WHAT TO DO — Below are records to return verbatim; the pictures are to be dropped.

(Dataset excerpts)
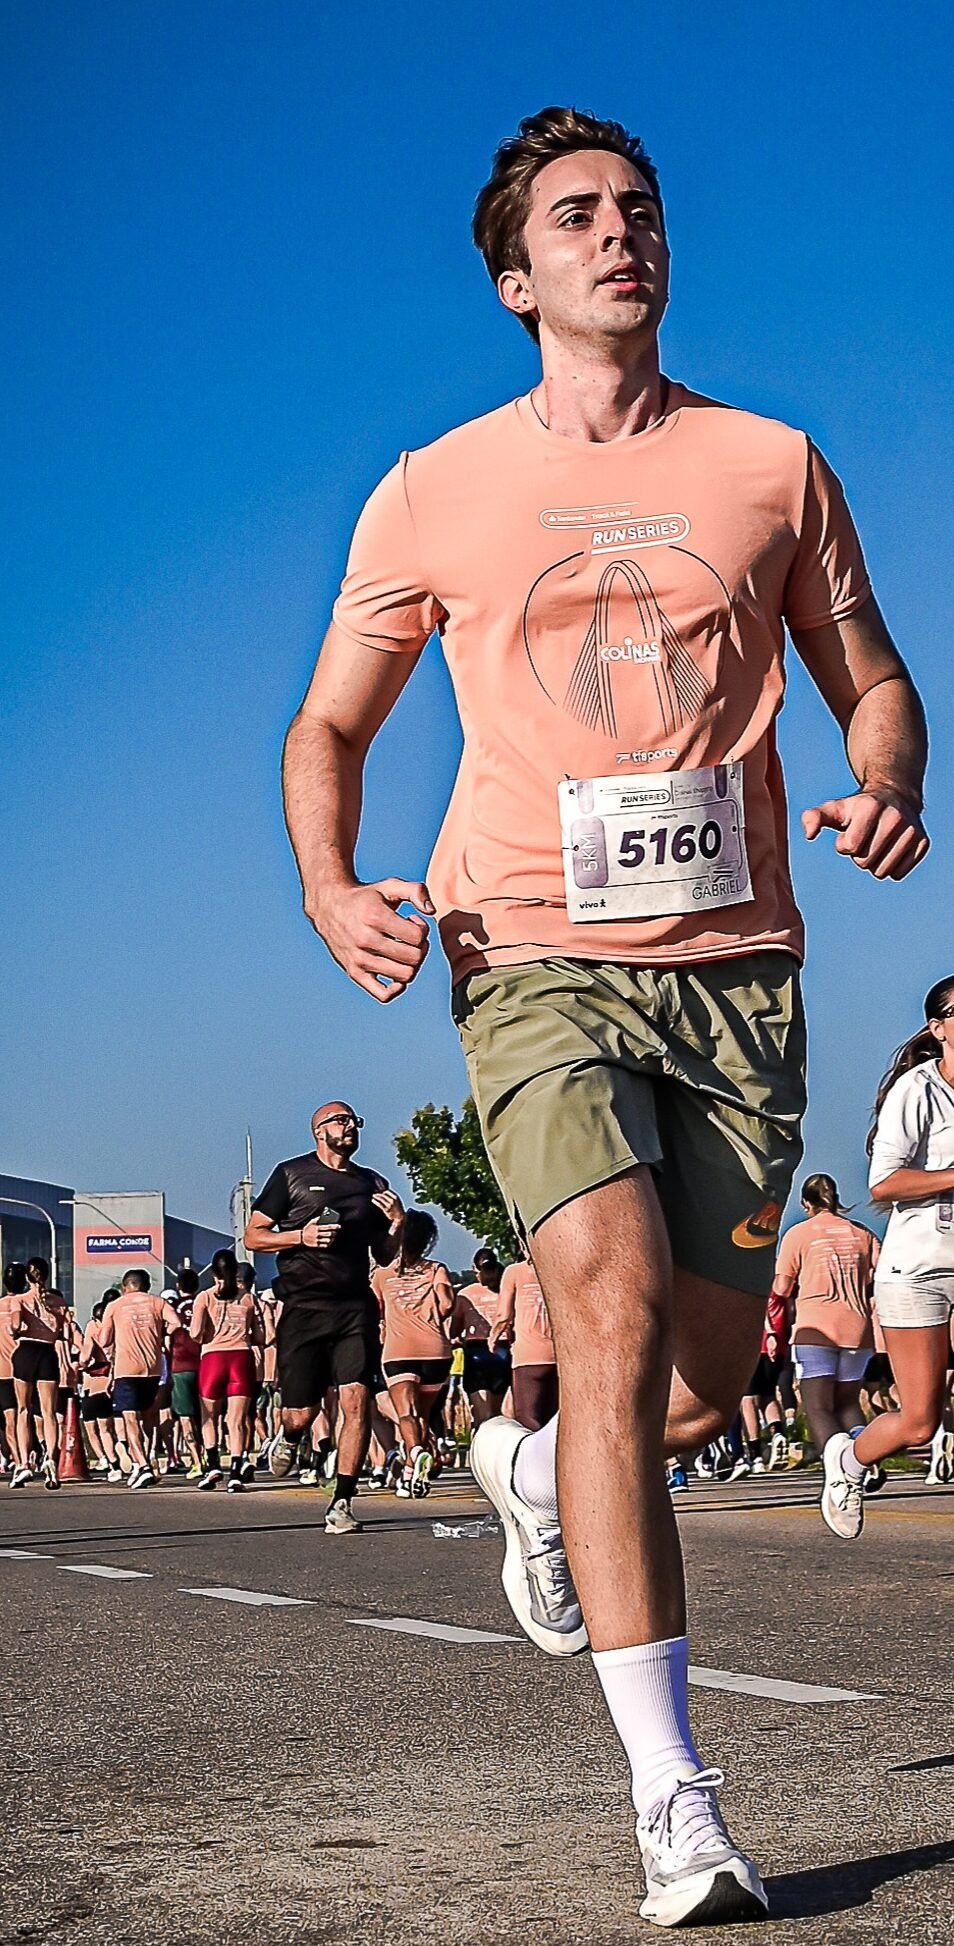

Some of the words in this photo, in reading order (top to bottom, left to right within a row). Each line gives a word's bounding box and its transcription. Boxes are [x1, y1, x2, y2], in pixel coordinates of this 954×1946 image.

[600, 636, 660, 661] COLINAS
[582, 833, 599, 872] 5KM
[617, 820, 722, 868] 5160
[692, 879, 742, 900] GABRIEL
[579, 901, 599, 909] vivo
[88, 1238, 118, 1247] FARMA
[119, 1237, 150, 1246] CONDE

TASK SOLUTION —
Some of the words in this photo, in reading order (top to bottom, left to right within a row). Each line gives a word's bounding box and its transcription. Boxes are [x1, y1, x2, y2], in pixel coordinates of this 954×1946 image.

[600, 636, 660, 661] COLINAS
[582, 833, 599, 872] 5KM
[617, 820, 722, 868] 5160
[692, 879, 742, 900] GABRIEL
[579, 901, 599, 909] vivo
[88, 1238, 118, 1247] FARMA
[119, 1237, 150, 1246] CONDE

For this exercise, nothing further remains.